▶ To do
Your answer should be the records, restated word for word.

▶ Source material
════════

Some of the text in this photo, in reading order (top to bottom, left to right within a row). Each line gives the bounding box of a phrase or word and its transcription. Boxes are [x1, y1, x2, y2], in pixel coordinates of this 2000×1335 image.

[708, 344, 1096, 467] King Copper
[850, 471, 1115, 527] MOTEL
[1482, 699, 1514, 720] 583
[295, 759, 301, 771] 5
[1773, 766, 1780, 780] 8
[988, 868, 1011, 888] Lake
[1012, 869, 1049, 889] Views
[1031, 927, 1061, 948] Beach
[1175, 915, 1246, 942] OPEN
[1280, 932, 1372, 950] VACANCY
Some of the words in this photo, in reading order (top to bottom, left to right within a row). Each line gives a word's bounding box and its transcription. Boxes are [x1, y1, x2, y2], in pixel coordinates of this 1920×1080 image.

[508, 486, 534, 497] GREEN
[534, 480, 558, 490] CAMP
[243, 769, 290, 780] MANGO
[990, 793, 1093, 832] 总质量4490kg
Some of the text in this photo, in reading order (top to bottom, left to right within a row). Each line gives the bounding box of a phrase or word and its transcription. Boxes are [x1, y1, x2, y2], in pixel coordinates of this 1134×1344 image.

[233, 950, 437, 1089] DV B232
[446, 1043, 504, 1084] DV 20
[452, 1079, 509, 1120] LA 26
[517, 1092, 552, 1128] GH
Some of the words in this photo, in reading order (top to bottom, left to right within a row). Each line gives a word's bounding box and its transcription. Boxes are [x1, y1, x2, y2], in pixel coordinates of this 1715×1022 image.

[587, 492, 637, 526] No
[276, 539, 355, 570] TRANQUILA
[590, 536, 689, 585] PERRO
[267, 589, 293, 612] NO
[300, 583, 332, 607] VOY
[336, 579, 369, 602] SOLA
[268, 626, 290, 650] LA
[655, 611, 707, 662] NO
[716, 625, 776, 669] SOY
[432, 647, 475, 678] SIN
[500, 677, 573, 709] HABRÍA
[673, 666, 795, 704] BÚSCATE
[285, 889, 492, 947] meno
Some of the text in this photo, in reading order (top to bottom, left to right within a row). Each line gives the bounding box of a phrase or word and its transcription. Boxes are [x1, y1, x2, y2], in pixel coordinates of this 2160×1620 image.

════════

▶ Exercise answer
Some of the text in this photo, in reading order (top to bottom, left to right within a row). Each line gives the bounding box of a phrase or word and its transcription. Boxes are [x1, y1, x2, y2], in pixel coordinates of this 2000×1335 image.

[708, 344, 1096, 467] King Copper
[850, 471, 1115, 527] MOTEL
[1482, 699, 1514, 720] 583
[295, 759, 301, 771] 5
[1773, 766, 1780, 780] 8
[988, 868, 1011, 888] Lake
[1012, 869, 1049, 889] Views
[1031, 927, 1061, 948] Beach
[1175, 915, 1246, 942] OPEN
[1280, 932, 1372, 950] VACANCY
Some of the words in this photo, in reading order (top to bottom, left to right within a row). Each line gives a word's bounding box and its transcription. Boxes are [x1, y1, x2, y2], in pixel coordinates of this 1920×1080 image.

[508, 486, 534, 497] GREEN
[534, 480, 558, 490] CAMP
[243, 769, 290, 780] MANGO
[990, 793, 1093, 832] 总质量4490kg
Some of the text in this photo, in reading order (top to bottom, left to right within a row). Each line gives the bounding box of a phrase or word and its transcription. Boxes are [x1, y1, x2, y2], in pixel coordinates of this 1134×1344 image.

[233, 950, 437, 1089] DV B232
[446, 1043, 504, 1084] DV 20
[452, 1079, 509, 1120] LA 26
[517, 1092, 552, 1128] GH
Some of the words in this photo, in reading order (top to bottom, left to right within a row). Each line gives a word's bounding box and its transcription. Boxes are [x1, y1, x2, y2], in pixel coordinates of this 1715×1022 image.

[587, 492, 637, 526] No
[276, 539, 355, 570] TRANQUILA
[590, 536, 689, 585] PERRO
[267, 589, 293, 612] NO
[300, 583, 332, 607] VOY
[336, 579, 369, 602] SOLA
[268, 626, 290, 650] LA
[655, 611, 707, 662] NO
[716, 625, 776, 669] SOY
[432, 647, 475, 678] SIN
[500, 677, 573, 709] HABRÍA
[673, 666, 795, 704] BÚSCATE
[285, 889, 492, 947] meno
Some of the text in this photo, in reading order (top to bottom, left to right within a row). Each line gives the bounding box of a phrase or word and its transcription. Boxes are [x1, y1, x2, y2], in pixel coordinates of this 2160×1620 image.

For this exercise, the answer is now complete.